Le Seigneur des Sanglots

Ce vieux guerrier au crâne tout chauve, et visière encore sur le front, qui est là, les yeux grands ouverts, à fixer toute cette eau devant lui, ce vieux héros si calme et triste, avec ses deux cygnes blancs qui surveillent, eux aussi, leur regard tourné vers le profond de l'eau, ce vieux paladin qui attend déjà depuis si longtemps, sais-tu quel nom il porte ? On l'appelle Seigneur des Sanglots.

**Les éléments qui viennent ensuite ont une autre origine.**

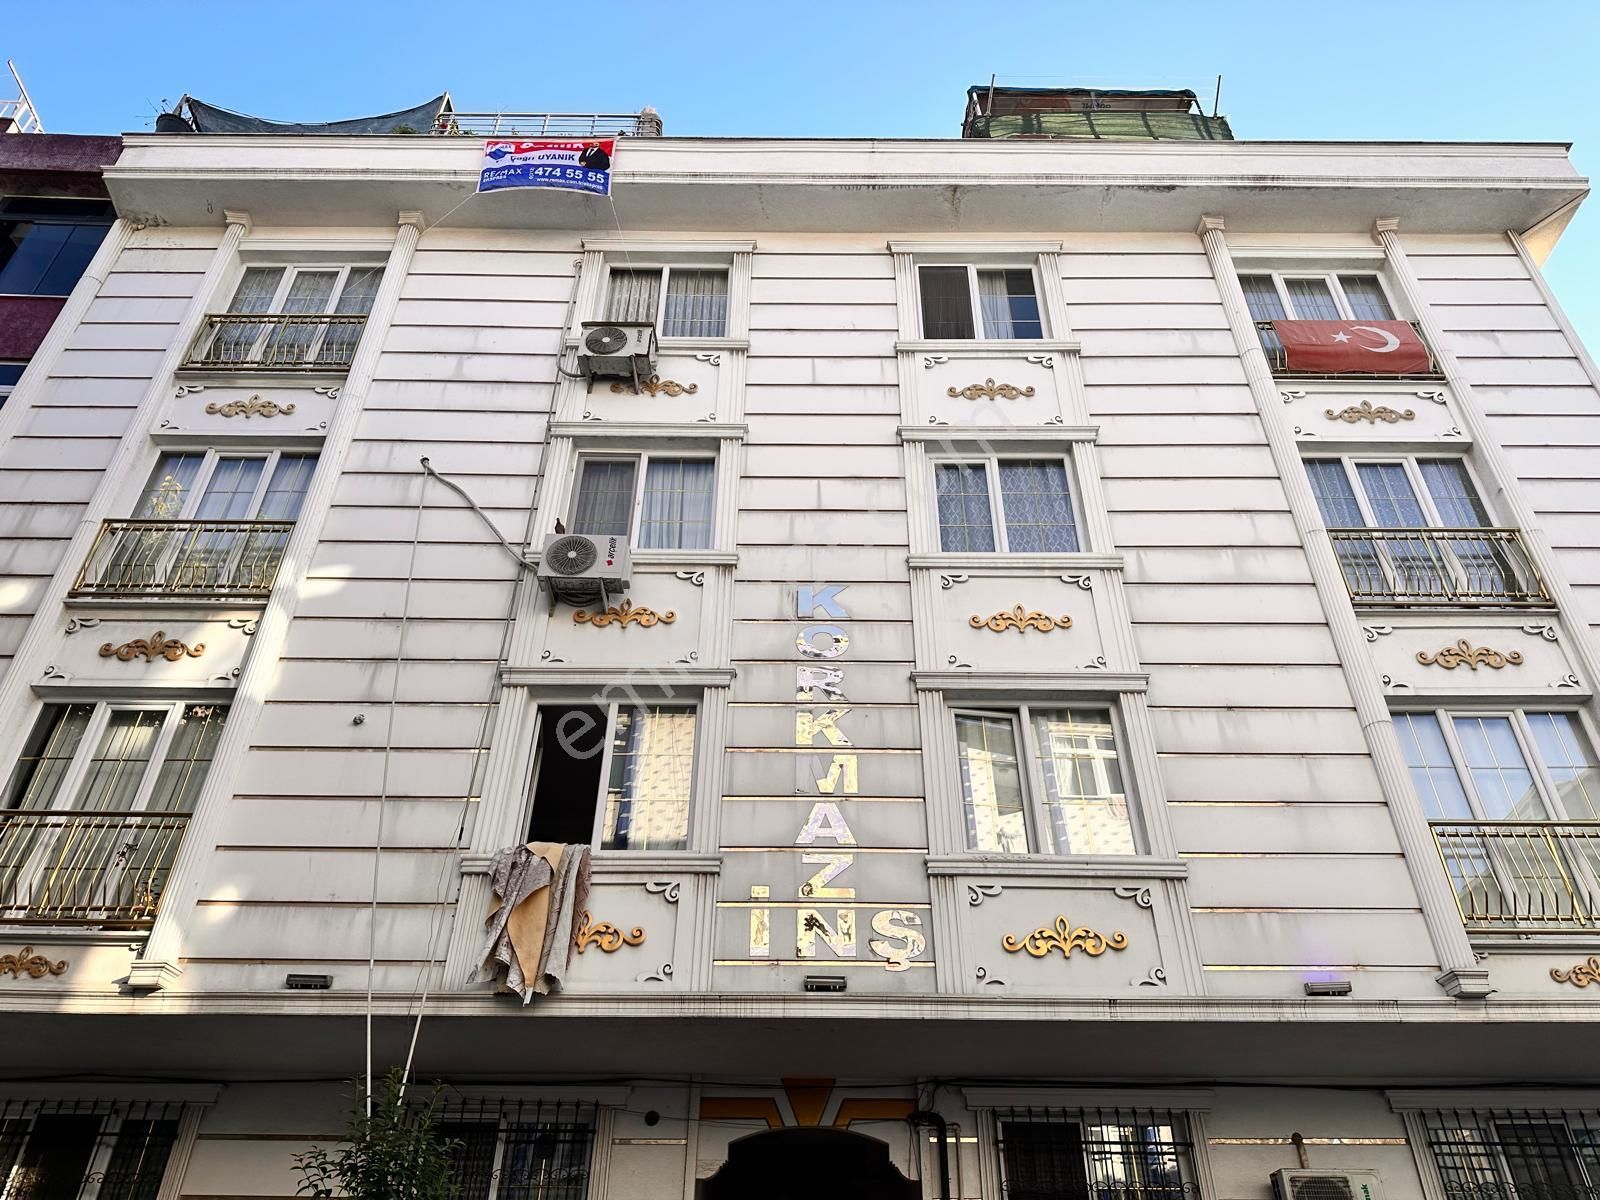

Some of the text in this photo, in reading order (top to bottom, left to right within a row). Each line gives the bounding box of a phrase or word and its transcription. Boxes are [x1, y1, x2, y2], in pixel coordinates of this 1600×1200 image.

Il était parti, il y a des siècles de cela, guerroyer en terre étrangère, et loin, très loin, si loin qu'un jour la nouvelle arrive, au château où sa Dame l'attendait, qu'il était mort. La Dame alors, folle de chagrin, se jette dans l'étang sous les yeux de ses beaux cygnes blancs qui jamais ne l'avaient quittée. En vérité le chevalier n'était pas mort et quand il est revenu et qu'on lui a dit où était sa dame, morte, noyée, alors il s'est juré qu'il ne bougerait plus de là où tu peux le voir, son casque toujours sur la tête, jusqu'au jour où sa Dame remontera à la lumière, où tous les deux enfin se retrouveront ensemble. Il a pris les deux cygnes que sa Dame préférait pour qu'ils guettent avec lui et du soir au matin et du matin au soir, voilà des siècles qu'ils attendent, des siècles qu'ils regardent, tout au fond, la longue, l'immense chevelure de la Dame ondoyer doucement partout dans l'eau sombre. Il attend, fidèle, et le jour il se tait, mais chaque nuit il pleure, on entend ses larmes sans arrêt que le vent éparpille sur l'eau, au fond du noir, et c'est pour ça qu'on l'a appelé et l'appelle toujours Seigneur des Sanglots.